YOUR OBJECTIVE: This exercise asks for the whole listing to be restated exactly.

PROVIDED RECORDS:
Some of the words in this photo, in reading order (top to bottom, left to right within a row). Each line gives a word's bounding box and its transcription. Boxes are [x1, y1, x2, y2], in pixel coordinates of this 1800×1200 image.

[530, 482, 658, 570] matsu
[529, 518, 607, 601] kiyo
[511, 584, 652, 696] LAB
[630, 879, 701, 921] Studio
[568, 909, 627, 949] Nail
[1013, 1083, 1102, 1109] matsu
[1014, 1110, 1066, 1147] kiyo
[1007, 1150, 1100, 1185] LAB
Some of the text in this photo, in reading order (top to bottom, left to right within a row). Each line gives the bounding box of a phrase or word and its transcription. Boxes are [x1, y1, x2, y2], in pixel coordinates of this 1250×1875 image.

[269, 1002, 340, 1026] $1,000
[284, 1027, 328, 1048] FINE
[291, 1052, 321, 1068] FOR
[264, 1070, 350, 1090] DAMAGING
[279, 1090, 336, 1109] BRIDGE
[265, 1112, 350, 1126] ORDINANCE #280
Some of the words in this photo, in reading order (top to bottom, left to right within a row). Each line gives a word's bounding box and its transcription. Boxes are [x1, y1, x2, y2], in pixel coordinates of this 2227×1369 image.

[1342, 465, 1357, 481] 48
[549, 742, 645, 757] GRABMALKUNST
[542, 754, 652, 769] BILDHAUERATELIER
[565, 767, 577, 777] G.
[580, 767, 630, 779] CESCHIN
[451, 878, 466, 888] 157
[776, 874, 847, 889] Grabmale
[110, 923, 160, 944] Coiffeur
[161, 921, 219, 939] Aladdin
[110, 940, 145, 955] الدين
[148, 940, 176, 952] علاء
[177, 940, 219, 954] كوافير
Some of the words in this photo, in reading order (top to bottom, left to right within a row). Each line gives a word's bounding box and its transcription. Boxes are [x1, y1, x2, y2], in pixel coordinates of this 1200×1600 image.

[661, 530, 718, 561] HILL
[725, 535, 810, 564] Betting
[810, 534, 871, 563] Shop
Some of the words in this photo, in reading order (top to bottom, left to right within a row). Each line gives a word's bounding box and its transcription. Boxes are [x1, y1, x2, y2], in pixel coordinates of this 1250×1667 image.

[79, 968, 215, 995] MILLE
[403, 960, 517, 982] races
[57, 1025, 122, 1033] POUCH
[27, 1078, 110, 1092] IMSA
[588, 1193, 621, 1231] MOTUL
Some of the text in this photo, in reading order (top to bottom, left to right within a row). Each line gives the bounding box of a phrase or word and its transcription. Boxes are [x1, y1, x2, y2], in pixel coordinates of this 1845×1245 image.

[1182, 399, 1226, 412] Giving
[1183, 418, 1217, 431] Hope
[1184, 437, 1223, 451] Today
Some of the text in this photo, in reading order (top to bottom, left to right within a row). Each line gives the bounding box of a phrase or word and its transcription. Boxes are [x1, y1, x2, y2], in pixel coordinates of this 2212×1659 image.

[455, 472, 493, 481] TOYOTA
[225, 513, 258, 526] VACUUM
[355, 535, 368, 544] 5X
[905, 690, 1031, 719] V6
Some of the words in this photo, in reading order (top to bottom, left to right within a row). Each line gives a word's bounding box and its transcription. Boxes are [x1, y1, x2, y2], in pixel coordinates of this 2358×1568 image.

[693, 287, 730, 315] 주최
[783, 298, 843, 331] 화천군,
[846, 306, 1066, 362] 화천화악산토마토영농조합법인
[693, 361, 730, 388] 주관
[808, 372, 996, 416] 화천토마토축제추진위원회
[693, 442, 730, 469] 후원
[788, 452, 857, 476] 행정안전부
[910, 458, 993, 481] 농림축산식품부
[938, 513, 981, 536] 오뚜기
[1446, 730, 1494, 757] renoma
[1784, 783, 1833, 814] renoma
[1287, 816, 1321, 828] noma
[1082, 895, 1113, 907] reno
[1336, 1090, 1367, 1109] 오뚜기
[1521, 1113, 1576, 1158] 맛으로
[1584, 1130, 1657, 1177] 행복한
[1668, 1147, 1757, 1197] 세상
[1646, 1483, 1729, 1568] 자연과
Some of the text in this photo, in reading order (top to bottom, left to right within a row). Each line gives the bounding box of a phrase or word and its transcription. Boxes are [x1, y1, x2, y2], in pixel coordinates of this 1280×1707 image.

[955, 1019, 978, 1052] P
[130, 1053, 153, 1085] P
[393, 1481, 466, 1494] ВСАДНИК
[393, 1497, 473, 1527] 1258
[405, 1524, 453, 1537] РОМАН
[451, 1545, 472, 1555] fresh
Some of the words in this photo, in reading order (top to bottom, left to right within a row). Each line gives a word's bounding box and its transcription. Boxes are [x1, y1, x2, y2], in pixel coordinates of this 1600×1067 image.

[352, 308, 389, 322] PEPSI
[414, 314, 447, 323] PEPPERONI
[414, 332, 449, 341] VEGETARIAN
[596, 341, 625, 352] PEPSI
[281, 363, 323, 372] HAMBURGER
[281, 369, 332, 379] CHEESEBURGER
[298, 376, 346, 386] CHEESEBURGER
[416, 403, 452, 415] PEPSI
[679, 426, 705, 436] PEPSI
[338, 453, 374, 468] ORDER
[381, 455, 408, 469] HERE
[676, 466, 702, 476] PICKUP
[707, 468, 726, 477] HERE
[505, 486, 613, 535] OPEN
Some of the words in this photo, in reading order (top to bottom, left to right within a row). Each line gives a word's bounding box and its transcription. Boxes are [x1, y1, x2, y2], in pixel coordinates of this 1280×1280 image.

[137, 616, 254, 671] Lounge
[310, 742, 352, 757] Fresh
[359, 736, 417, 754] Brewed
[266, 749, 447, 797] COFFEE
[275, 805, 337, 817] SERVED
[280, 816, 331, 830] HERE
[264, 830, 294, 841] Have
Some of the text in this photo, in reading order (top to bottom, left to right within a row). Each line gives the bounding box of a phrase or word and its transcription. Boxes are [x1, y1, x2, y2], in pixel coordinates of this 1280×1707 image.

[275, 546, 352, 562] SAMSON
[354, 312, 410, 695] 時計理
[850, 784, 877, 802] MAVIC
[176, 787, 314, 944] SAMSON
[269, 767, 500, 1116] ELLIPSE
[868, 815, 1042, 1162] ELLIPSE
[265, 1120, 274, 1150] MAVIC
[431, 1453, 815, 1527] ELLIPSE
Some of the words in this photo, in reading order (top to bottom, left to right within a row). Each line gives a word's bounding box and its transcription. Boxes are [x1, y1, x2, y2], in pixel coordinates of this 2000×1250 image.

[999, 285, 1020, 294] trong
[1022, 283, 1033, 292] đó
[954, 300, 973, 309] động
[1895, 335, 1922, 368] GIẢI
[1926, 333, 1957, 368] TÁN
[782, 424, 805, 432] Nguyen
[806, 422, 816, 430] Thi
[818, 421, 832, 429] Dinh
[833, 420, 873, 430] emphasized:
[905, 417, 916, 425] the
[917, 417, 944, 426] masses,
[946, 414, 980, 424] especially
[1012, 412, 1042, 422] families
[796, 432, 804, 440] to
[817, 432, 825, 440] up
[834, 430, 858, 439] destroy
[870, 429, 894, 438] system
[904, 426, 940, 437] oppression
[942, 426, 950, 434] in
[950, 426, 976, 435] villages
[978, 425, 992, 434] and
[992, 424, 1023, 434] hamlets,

TASK RESPONSE:
Some of the words in this photo, in reading order (top to bottom, left to right within a row). Each line gives a word's bounding box and its transcription. Boxes are [x1, y1, x2, y2], in pixel coordinates of this 1800×1200 image.

[530, 482, 658, 570] matsu
[529, 518, 607, 601] kiyo
[511, 584, 652, 696] LAB
[630, 879, 701, 921] Studio
[568, 909, 627, 949] Nail
[1013, 1083, 1102, 1109] matsu
[1014, 1110, 1066, 1147] kiyo
[1007, 1150, 1100, 1185] LAB
Some of the text in this photo, in reading order (top to bottom, left to right within a row). Each line gives the bounding box of a phrase or word and its transcription. Boxes are [x1, y1, x2, y2], in pixel coordinates of this 1250×1875 image.

[269, 1002, 340, 1026] $1,000
[284, 1027, 328, 1048] FINE
[291, 1052, 321, 1068] FOR
[264, 1070, 350, 1090] DAMAGING
[279, 1090, 336, 1109] BRIDGE
[265, 1112, 350, 1126] ORDINANCE #280
Some of the words in this photo, in reading order (top to bottom, left to right within a row). Each line gives a word's bounding box and its transcription. Boxes are [x1, y1, x2, y2], in pixel coordinates of this 2227×1369 image.

[1342, 465, 1357, 481] 48
[549, 742, 645, 757] GRABMALKUNST
[542, 754, 652, 769] BILDHAUERATELIER
[565, 767, 577, 777] G.
[580, 767, 630, 779] CESCHIN
[451, 878, 466, 888] 157
[776, 874, 847, 889] Grabmale
[110, 923, 160, 944] Coiffeur
[161, 921, 219, 939] Aladdin
[110, 940, 145, 955] الدين
[148, 940, 176, 952] علاء
[177, 940, 219, 954] كوافير
Some of the words in this photo, in reading order (top to bottom, left to right within a row). Each line gives a word's bounding box and its transcription. Boxes are [x1, y1, x2, y2], in pixel coordinates of this 1200×1600 image.

[661, 530, 718, 561] HILL
[725, 535, 810, 564] Betting
[810, 534, 871, 563] Shop
Some of the words in this photo, in reading order (top to bottom, left to right within a row). Each line gives a word's bounding box and its transcription. Boxes are [x1, y1, x2, y2], in pixel coordinates of this 1250×1667 image.

[79, 968, 215, 995] MILLE
[403, 960, 517, 982] races
[57, 1025, 122, 1033] POUCH
[27, 1078, 110, 1092] IMSA
[588, 1193, 621, 1231] MOTUL
Some of the text in this photo, in reading order (top to bottom, left to right within a row). Each line gives the bounding box of a phrase or word and its transcription. Boxes are [x1, y1, x2, y2], in pixel coordinates of this 1845×1245 image.

[1182, 399, 1226, 412] Giving
[1183, 418, 1217, 431] Hope
[1184, 437, 1223, 451] Today
Some of the text in this photo, in reading order (top to bottom, left to right within a row). Each line gives the bounding box of a phrase or word and its transcription. Boxes are [x1, y1, x2, y2], in pixel coordinates of this 2212×1659 image.

[455, 472, 493, 481] TOYOTA
[225, 513, 258, 526] VACUUM
[355, 535, 368, 544] 5X
[905, 690, 1031, 719] V6
Some of the words in this photo, in reading order (top to bottom, left to right within a row). Each line gives a word's bounding box and its transcription. Boxes are [x1, y1, x2, y2], in pixel coordinates of this 2358×1568 image.

[693, 287, 730, 315] 주최
[783, 298, 843, 331] 화천군,
[846, 306, 1066, 362] 화천화악산토마토영농조합법인
[693, 361, 730, 388] 주관
[808, 372, 996, 416] 화천토마토축제추진위원회
[693, 442, 730, 469] 후원
[788, 452, 857, 476] 행정안전부
[910, 458, 993, 481] 농림축산식품부
[938, 513, 981, 536] 오뚜기
[1446, 730, 1494, 757] renoma
[1784, 783, 1833, 814] renoma
[1287, 816, 1321, 828] noma
[1082, 895, 1113, 907] reno
[1336, 1090, 1367, 1109] 오뚜기
[1521, 1113, 1576, 1158] 맛으로
[1584, 1130, 1657, 1177] 행복한
[1668, 1147, 1757, 1197] 세상
[1646, 1483, 1729, 1568] 자연과
Some of the text in this photo, in reading order (top to bottom, left to right within a row). Each line gives the bounding box of a phrase or word and its transcription. Boxes are [x1, y1, x2, y2], in pixel coordinates of this 1280×1707 image.

[955, 1019, 978, 1052] P
[130, 1053, 153, 1085] P
[393, 1481, 466, 1494] ВСАДНИК
[393, 1497, 473, 1527] 1258
[405, 1524, 453, 1537] РОМАН
[451, 1545, 472, 1555] fresh
Some of the words in this photo, in reading order (top to bottom, left to right within a row). Each line gives a word's bounding box and its transcription. Boxes are [x1, y1, x2, y2], in pixel coordinates of this 1600×1067 image.

[352, 308, 389, 322] PEPSI
[414, 314, 447, 323] PEPPERONI
[414, 332, 449, 341] VEGETARIAN
[596, 341, 625, 352] PEPSI
[281, 363, 323, 372] HAMBURGER
[281, 369, 332, 379] CHEESEBURGER
[298, 376, 346, 386] CHEESEBURGER
[416, 403, 452, 415] PEPSI
[679, 426, 705, 436] PEPSI
[338, 453, 374, 468] ORDER
[381, 455, 408, 469] HERE
[676, 466, 702, 476] PICKUP
[707, 468, 726, 477] HERE
[505, 486, 613, 535] OPEN
Some of the words in this photo, in reading order (top to bottom, left to right within a row). Each line gives a word's bounding box and its transcription. Boxes are [x1, y1, x2, y2], in pixel coordinates of this 1280×1280 image.

[137, 616, 254, 671] Lounge
[310, 742, 352, 757] Fresh
[359, 736, 417, 754] Brewed
[266, 749, 447, 797] COFFEE
[275, 805, 337, 817] SERVED
[280, 816, 331, 830] HERE
[264, 830, 294, 841] Have
Some of the text in this photo, in reading order (top to bottom, left to right within a row). Each line gives the bounding box of a phrase or word and its transcription. Boxes are [x1, y1, x2, y2], in pixel coordinates of this 1280×1707 image.

[275, 546, 352, 562] SAMSON
[354, 312, 410, 695] 時計理
[850, 784, 877, 802] MAVIC
[176, 787, 314, 944] SAMSON
[269, 767, 500, 1116] ELLIPSE
[868, 815, 1042, 1162] ELLIPSE
[265, 1120, 274, 1150] MAVIC
[431, 1453, 815, 1527] ELLIPSE
Some of the words in this photo, in reading order (top to bottom, left to right within a row). Each line gives a word's bounding box and its transcription. Boxes are [x1, y1, x2, y2], in pixel coordinates of this 2000×1250 image.

[999, 285, 1020, 294] trong
[1022, 283, 1033, 292] đó
[954, 300, 973, 309] động
[1895, 335, 1922, 368] GIẢI
[1926, 333, 1957, 368] TÁN
[782, 424, 805, 432] Nguyen
[806, 422, 816, 430] Thi
[818, 421, 832, 429] Dinh
[833, 420, 873, 430] emphasized:
[905, 417, 916, 425] the
[917, 417, 944, 426] masses,
[946, 414, 980, 424] especially
[1012, 412, 1042, 422] families
[796, 432, 804, 440] to
[817, 432, 825, 440] up
[834, 430, 858, 439] destroy
[870, 429, 894, 438] system
[904, 426, 940, 437] oppression
[942, 426, 950, 434] in
[950, 426, 976, 435] villages
[978, 425, 992, 434] and
[992, 424, 1023, 434] hamlets,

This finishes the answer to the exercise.